The appellant and his co-accused appeared before the High Court on 6 November 2018 charged with theft of 28.5 kgs of gold valued at US$ 970,007.80 from Plumtree Police Station and, alternatively, obstructing or defeating the course of justice. The appellant pleaded not guilty and was on bail. On 27 June 2023, he allegedly failed to attend court, and a warrant for his arrest was issued. His bail was revoked and he was remanded in custody. During the trial, one of the two assessors died, and the court a quo set the proceedings aside and directed that a trial de novo be held. The appellant, still in custody, made an urgent chamber application for habeas corpus on 4 August 2025, contending that as the proceedings had been set aside, there was no legal basis for his continued detention. The court a quo dismissed the application on 13 August 2023, holding that the charges remained extant and the appellant should remain in custody unless granted bail in terms of section 8 of the High Court Act. The court also ordered that the first respondent indict the appellant for trial on 3 November 2025.

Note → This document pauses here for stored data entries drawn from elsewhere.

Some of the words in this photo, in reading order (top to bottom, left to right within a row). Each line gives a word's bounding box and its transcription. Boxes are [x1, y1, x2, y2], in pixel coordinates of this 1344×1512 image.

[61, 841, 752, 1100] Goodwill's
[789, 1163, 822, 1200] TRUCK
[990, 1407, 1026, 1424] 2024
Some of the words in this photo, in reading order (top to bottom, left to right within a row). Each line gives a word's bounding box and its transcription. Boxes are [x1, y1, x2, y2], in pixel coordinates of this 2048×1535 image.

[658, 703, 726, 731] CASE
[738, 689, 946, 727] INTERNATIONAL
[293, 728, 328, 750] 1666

The appeal succeeded in part. Paragraph 1 of the order of the court a quo (dismissing the application for habeas corpus) was upheld. Paragraph 2 of the order (directing the first respondent to indict the appellant for trial on 3 November 2025) was set aside. No order as to costs.
Where criminal trial proceedings in the High Court are set aside due to the death or incapacity of an assessor in terms of section 8 of the High Court Act [Chapter 7:06], and the accused person is in custody (not on bail) at the time of such termination, the accused shall remain in custody unless subsequently granted bail, and the charges remain extant pending a trial de novo. Section 8(3)(b) does not require the court to issue a fresh order for detention; the accused's custodial status continues by operation of law. A valid and extant warrant of arrest issued by a competent court provides lawful authority for the continued detention of an accused person under section 70(1) of the Prisons and Correctional Services Act. The proviso to section 8(3)(b) conferring discretion on a judge to release an accused on bail does not make the granting of bail mandatory and does not operate mero motu without an application for bail.

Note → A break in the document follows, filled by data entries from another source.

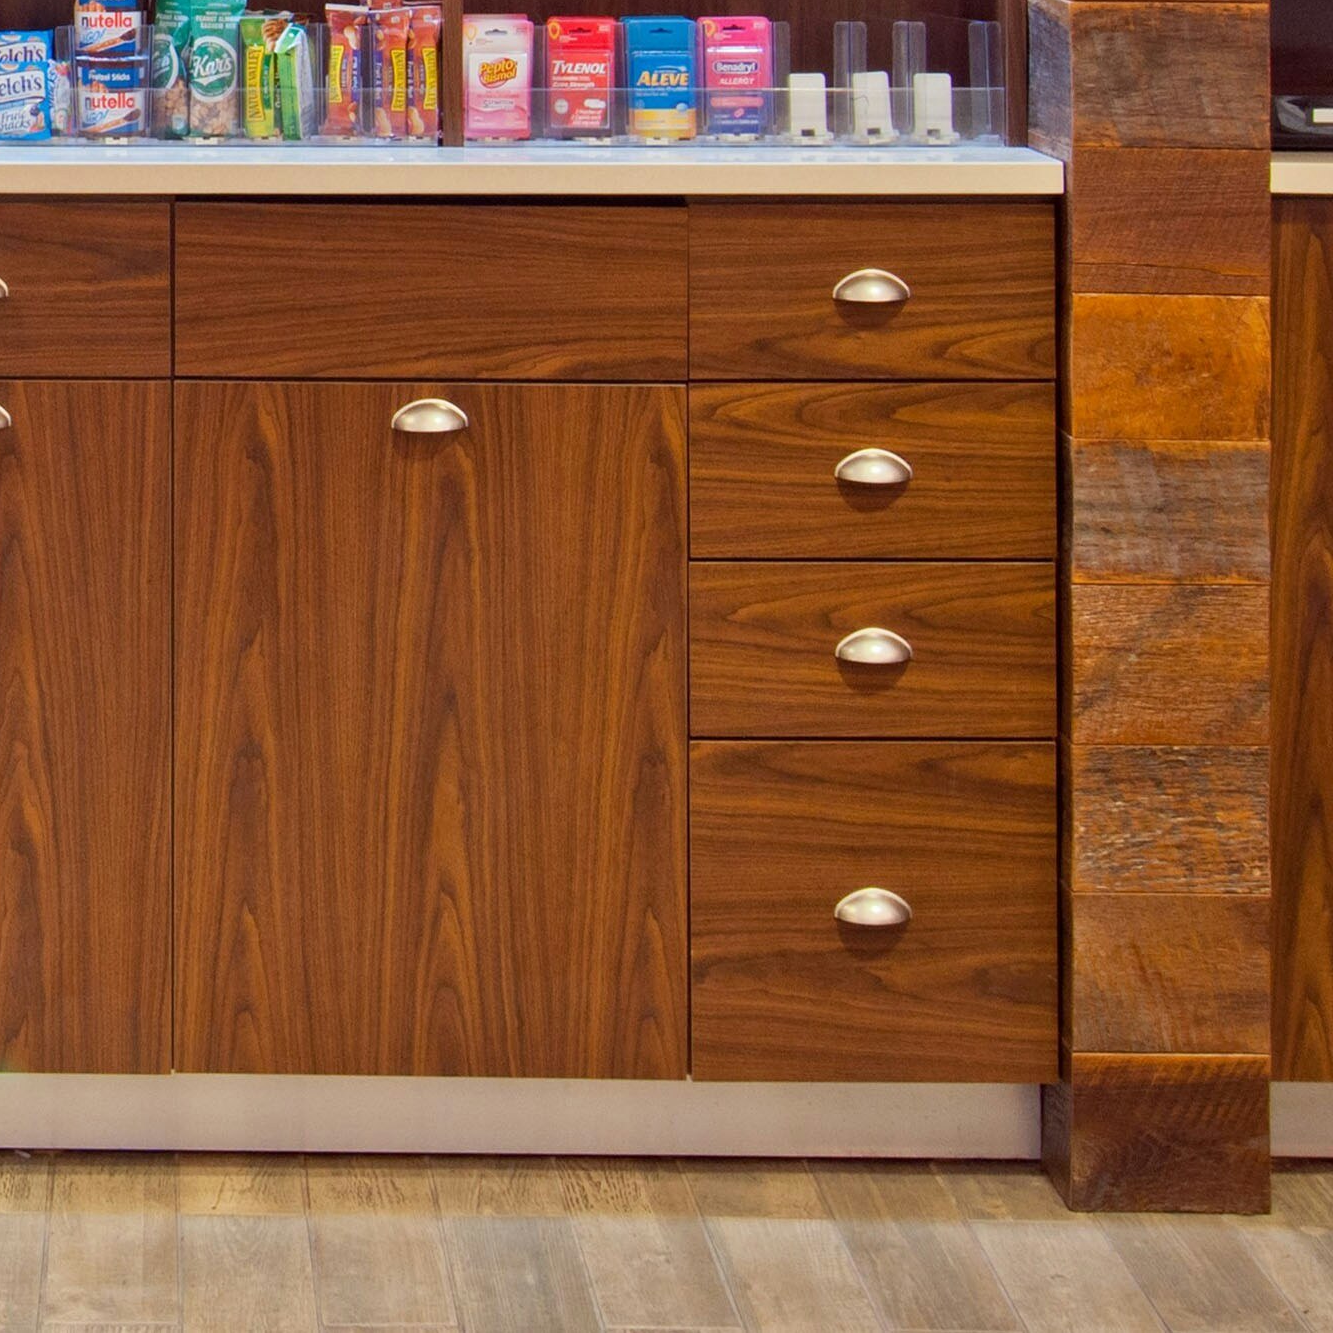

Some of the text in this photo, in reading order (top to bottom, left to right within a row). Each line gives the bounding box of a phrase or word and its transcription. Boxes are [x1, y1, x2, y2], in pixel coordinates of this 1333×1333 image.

[81, 11, 133, 28] nutella
[552, 59, 606, 75] TYLENOL
[716, 62, 757, 75] Benadryl
[483, 68, 517, 84] Bismol
[637, 70, 690, 86] ALEVE
[719, 77, 755, 85] ALLERGY
[84, 92, 135, 109] nutella

The court observed that the appellant's status changed from being on bail to being in custody when the warrant of arrest was issued following his alleged failure to attend court on 27 June 2023. But for the warrant of arrest, the appellant would have remained on bail when the proceedings were terminated and would have remained on bail after termination of proceedings. The court also commented that the attack on the second respondent (prison authorities) was ill-conceived as they were merely acting in compliance with a valid warrant of arrest and had no authority to release the appellant without a court order or warrant of liberation. The court noted that reliance on section 70(1) of the Prisons Act seeks to establish unlawful detention by prison authorities, but such reliance was misplaced where detention was based on a valid warrant. The court affirmed the principle from Nzara & 3 Ors v Kashumba N.O & 3 Ors 2018 (1) ZLR 194(S) that a court can only grant orders that have been sought and cannot act on a frolic of its own.

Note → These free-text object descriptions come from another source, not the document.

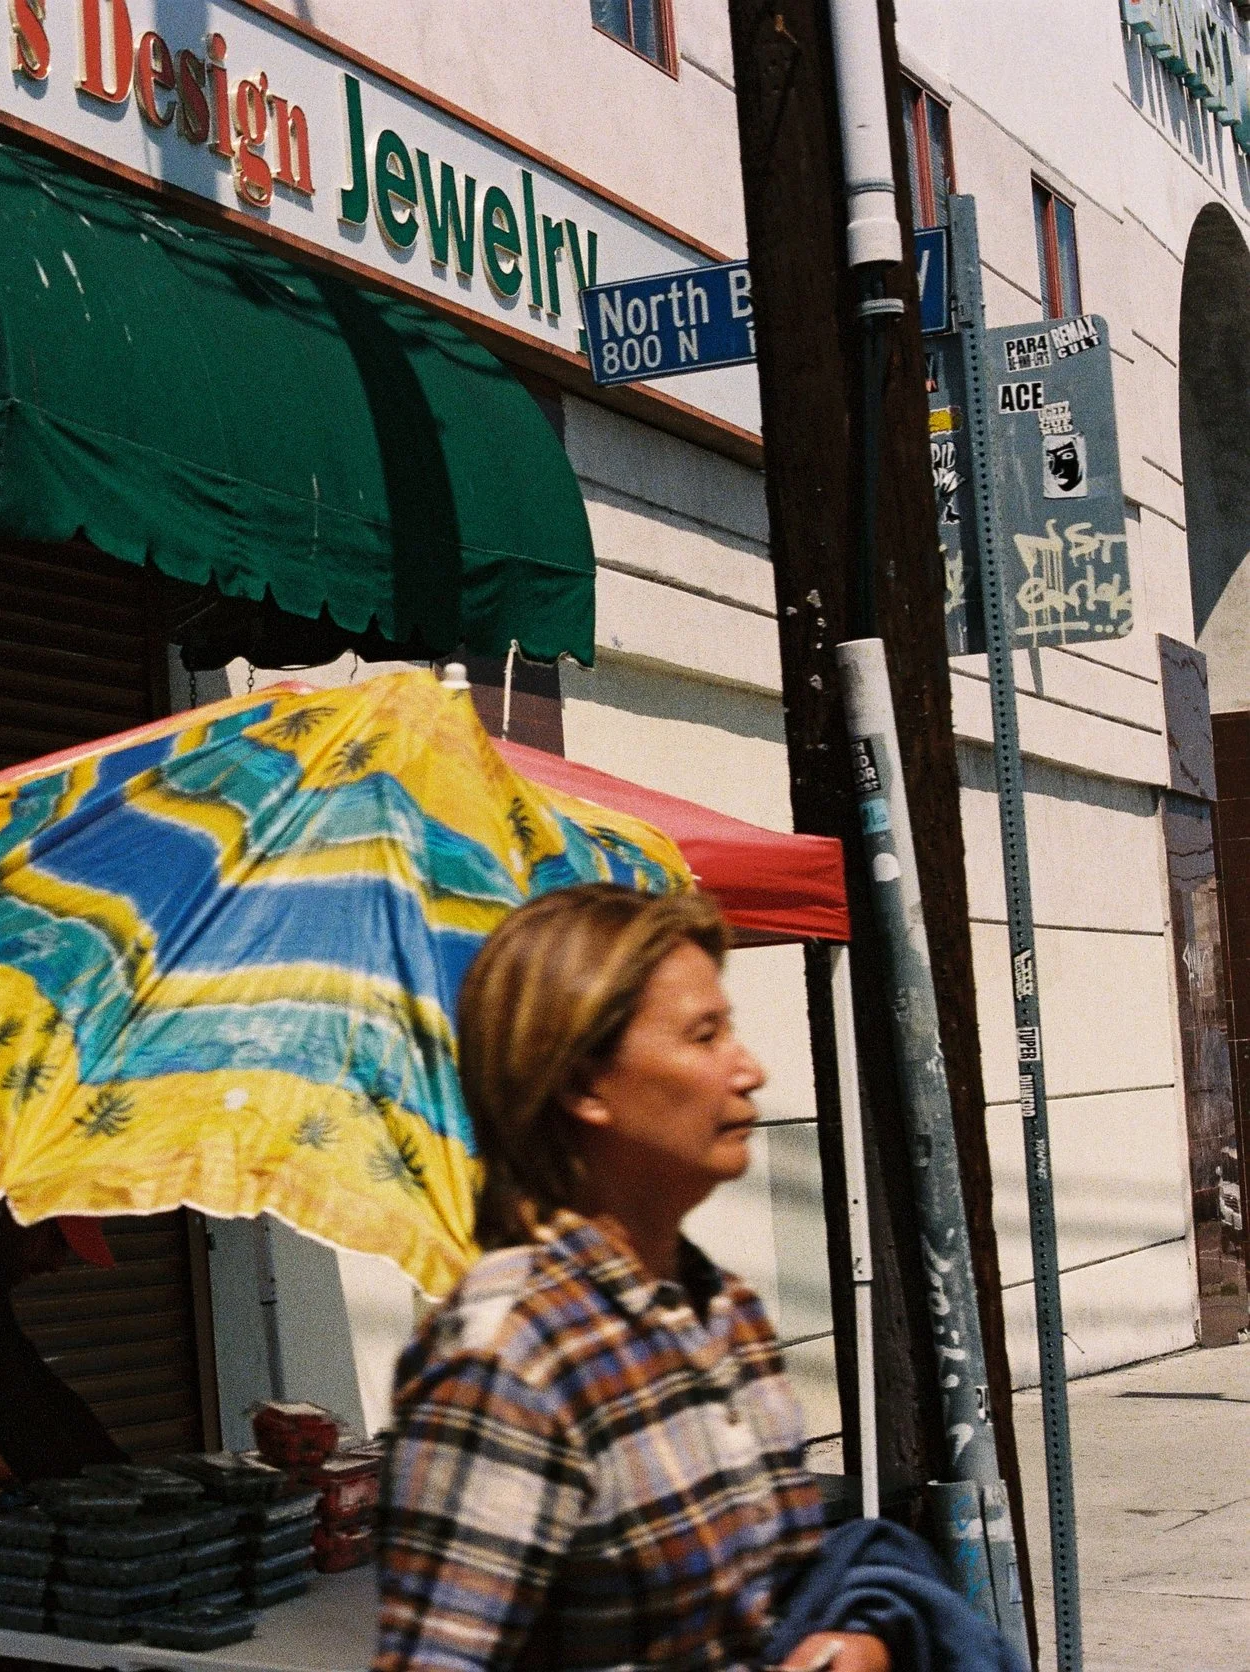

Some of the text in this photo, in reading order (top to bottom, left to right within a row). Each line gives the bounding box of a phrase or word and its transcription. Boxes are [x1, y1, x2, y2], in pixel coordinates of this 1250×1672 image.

[74, 0, 316, 207] Design
[337, 73, 599, 356] Jewelry
[597, 278, 711, 341] North
[602, 328, 699, 375] 800 N
[1050, 315, 1098, 349] REMAX
[1057, 335, 1101, 359] CULT
[1000, 382, 1043, 412] ACE
[1018, 1029, 1038, 1060] TUPER

This case clarifies the legal position regarding the detention of an accused person when criminal trial proceedings are set aside due to the death or incapacity of an assessor under section 8 of the High Court Act [Chapter 7:06]. It establishes that where an accused person is in custody (as opposed to being on bail) at the time proceedings are terminated due to such circumstances, the accused shall remain in custody unless granted bail, and the charges remain extant pending a trial de novo. The case also confirms that a valid warrant of arrest provides lawful authority for continued detention under section 70(1) of the Prisons and Correctional Services Act. It demonstrates the application of the golden rule of statutory interpretation to criminal procedure provisions and reaffirms that courts should not grant relief on a frolic of their own without such relief being sought by the parties.